* The task
Without any pictures, restate the full set of records below exactly.

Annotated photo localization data
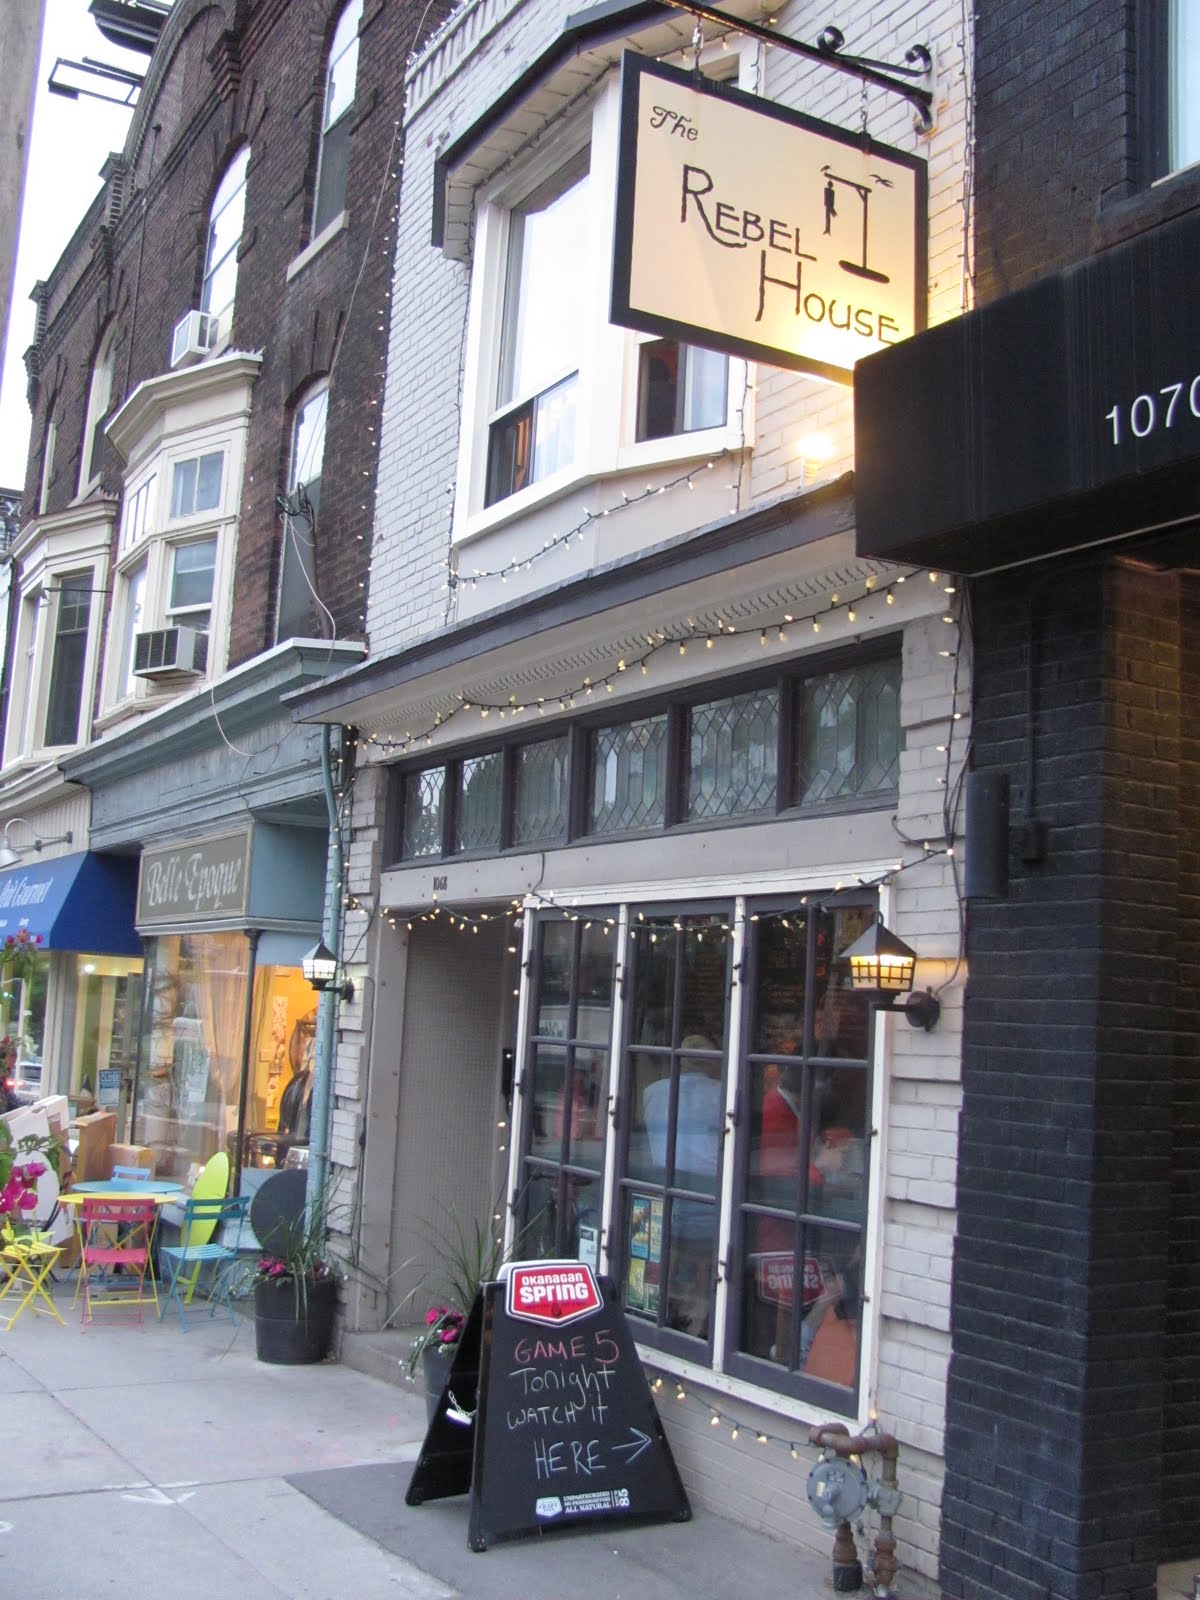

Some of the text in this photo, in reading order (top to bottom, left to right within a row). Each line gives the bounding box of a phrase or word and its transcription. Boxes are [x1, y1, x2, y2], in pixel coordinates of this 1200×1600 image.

[650, 106, 699, 141] The
[681, 164, 817, 261] REBEL
[755, 249, 899, 345] HOUSE
[147, 855, 182, 907] Belle
[514, 1329, 619, 1363] GAME 5
[508, 1363, 616, 1409] Tonight
[507, 1401, 577, 1430] WATCH
[534, 1438, 607, 1479] HERE
[565, 1505, 579, 1513] ALL
[579, 1502, 612, 1511] NATURAL

* Answer for this exercise
Some of the text in this photo, in reading order (top to bottom, left to right within a row). Each line gives the bounding box of a phrase or word and its transcription. Boxes are [x1, y1, x2, y2], in pixel coordinates of this 1200×1600 image.

[650, 106, 699, 141] The
[681, 164, 817, 261] REBEL
[755, 249, 899, 345] HOUSE
[147, 855, 182, 907] Belle
[514, 1329, 619, 1363] GAME 5
[508, 1363, 616, 1409] Tonight
[507, 1401, 577, 1430] WATCH
[534, 1438, 607, 1479] HERE
[565, 1505, 579, 1513] ALL
[579, 1502, 612, 1511] NATURAL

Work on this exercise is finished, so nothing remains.